◆ **Task brief**: Lines from the one containing "this 1920×1080 image." through the end of the entries below: set them down exactly, both ends included, with nothing added.
Content starts
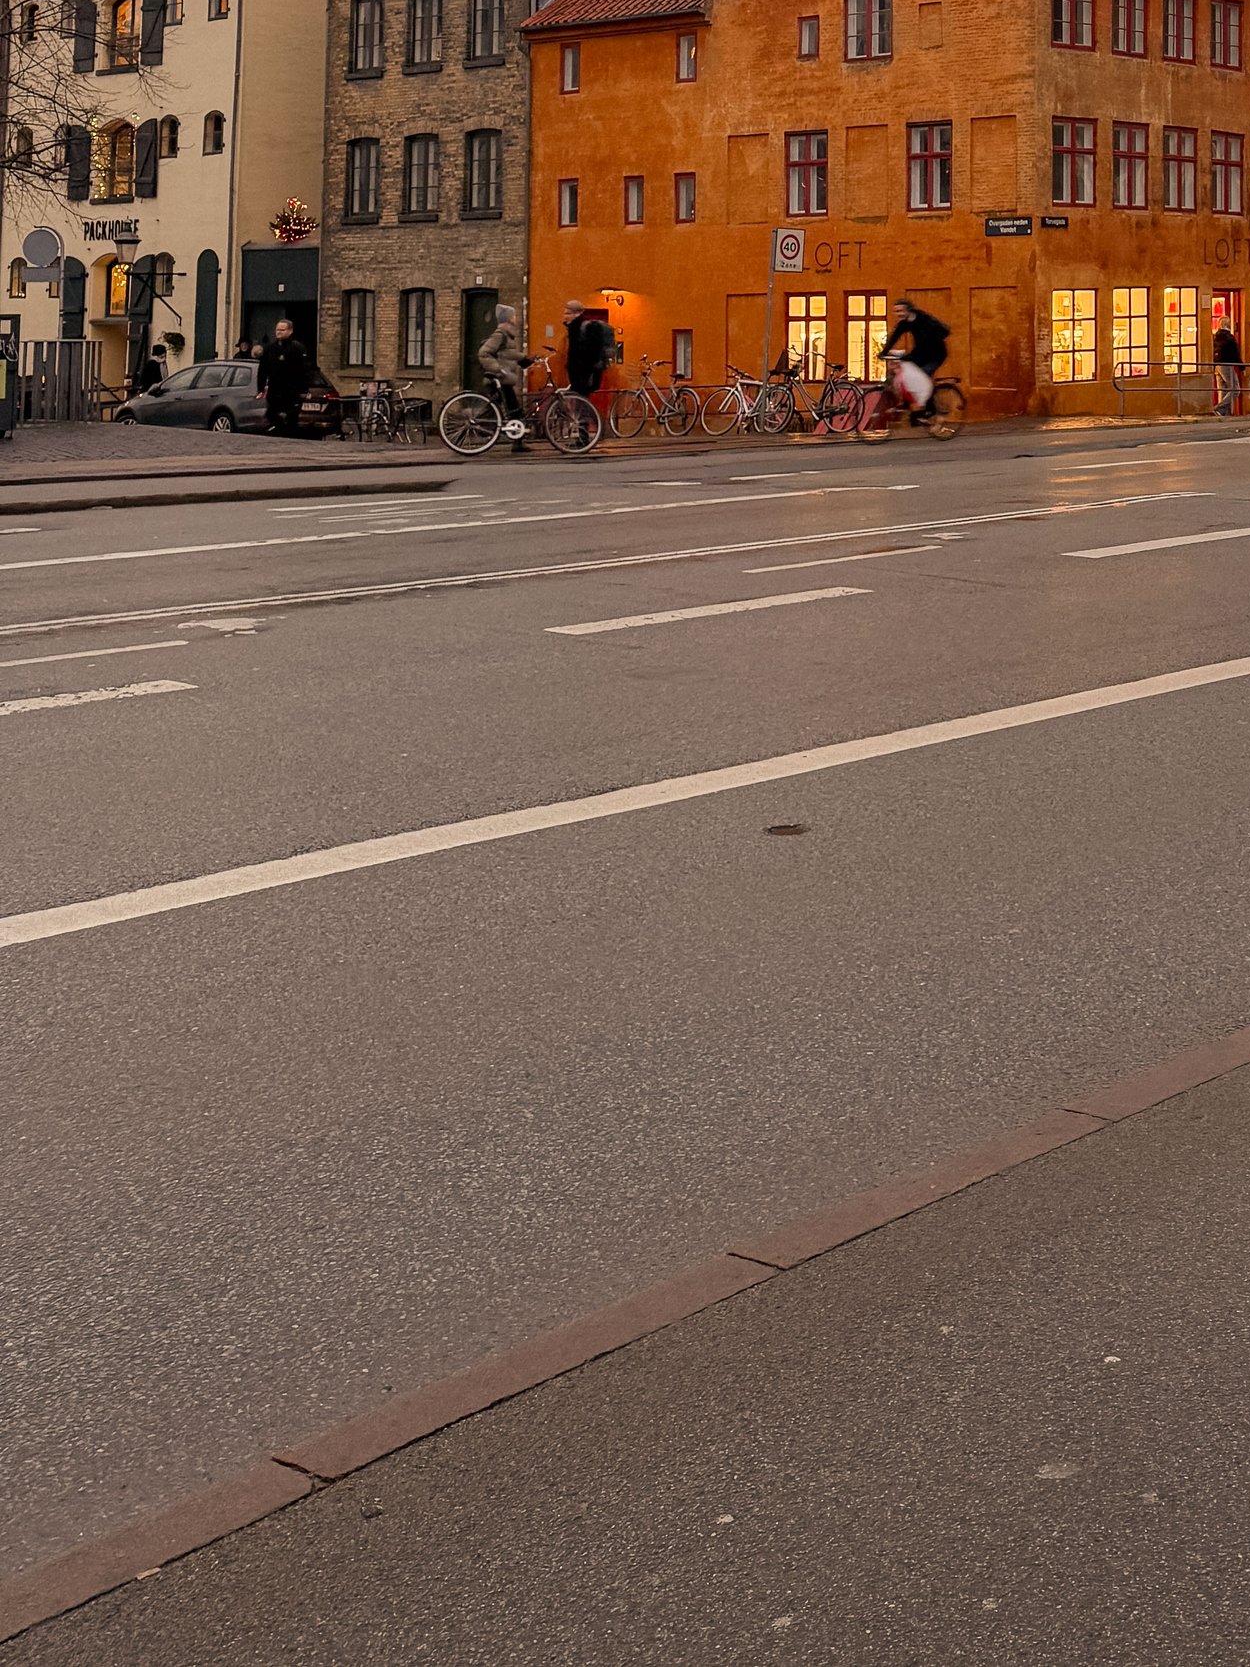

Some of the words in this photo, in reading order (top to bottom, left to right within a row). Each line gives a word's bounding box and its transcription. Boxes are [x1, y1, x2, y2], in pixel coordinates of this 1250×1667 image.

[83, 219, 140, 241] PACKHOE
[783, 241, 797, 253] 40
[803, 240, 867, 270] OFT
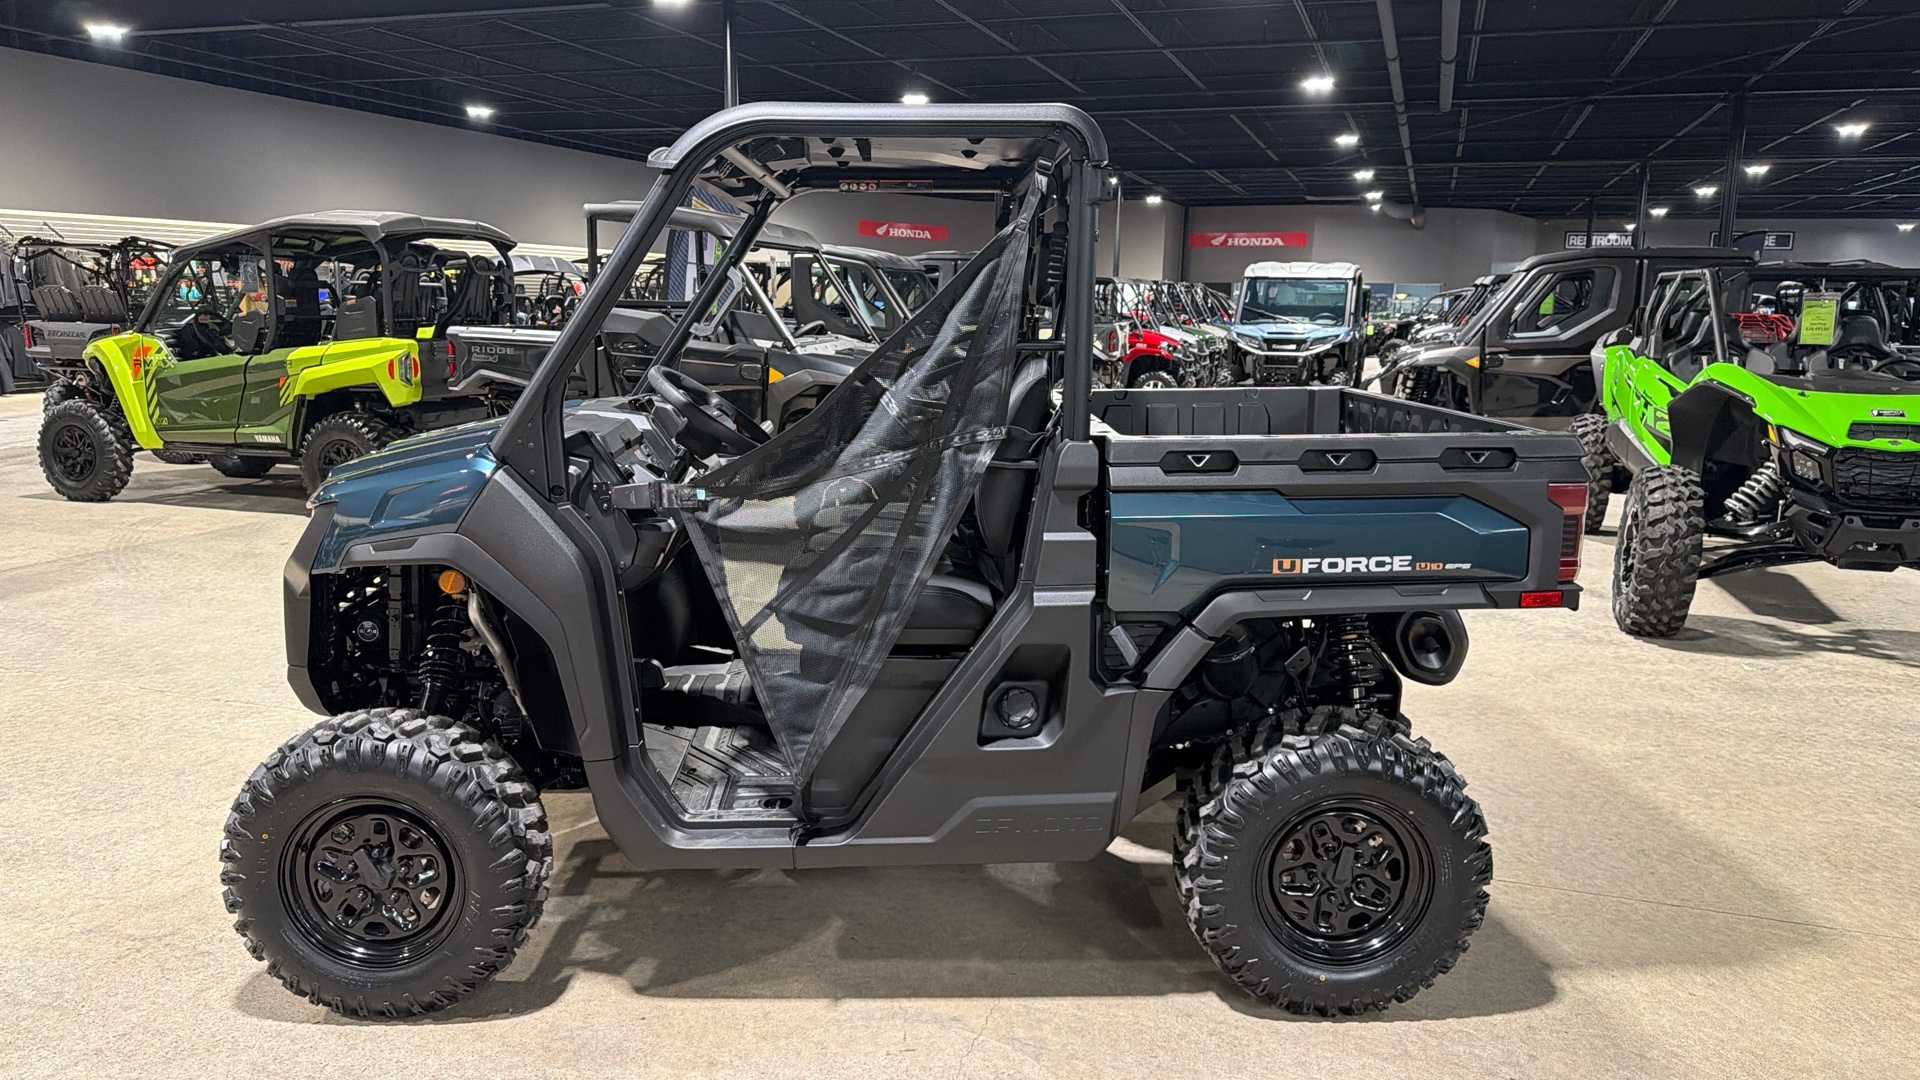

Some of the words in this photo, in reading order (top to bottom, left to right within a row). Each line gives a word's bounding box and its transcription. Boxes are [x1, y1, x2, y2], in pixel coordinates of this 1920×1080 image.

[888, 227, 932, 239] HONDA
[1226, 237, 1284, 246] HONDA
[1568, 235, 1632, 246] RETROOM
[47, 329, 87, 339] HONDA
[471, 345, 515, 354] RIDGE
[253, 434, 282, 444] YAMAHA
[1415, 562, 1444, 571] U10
Content ends
◆ **Your response**:
Some of the words in this photo, in reading order (top to bottom, left to right within a row). Each line gives a word's bounding box and its transcription. Boxes are [x1, y1, x2, y2], in pixel coordinates of this 1920×1080 image.

[888, 227, 932, 239] HONDA
[1226, 237, 1284, 246] HONDA
[1568, 235, 1632, 246] RETROOM
[47, 329, 87, 339] HONDA
[471, 345, 515, 354] RIDGE
[253, 434, 282, 444] YAMAHA
[1415, 562, 1444, 571] U10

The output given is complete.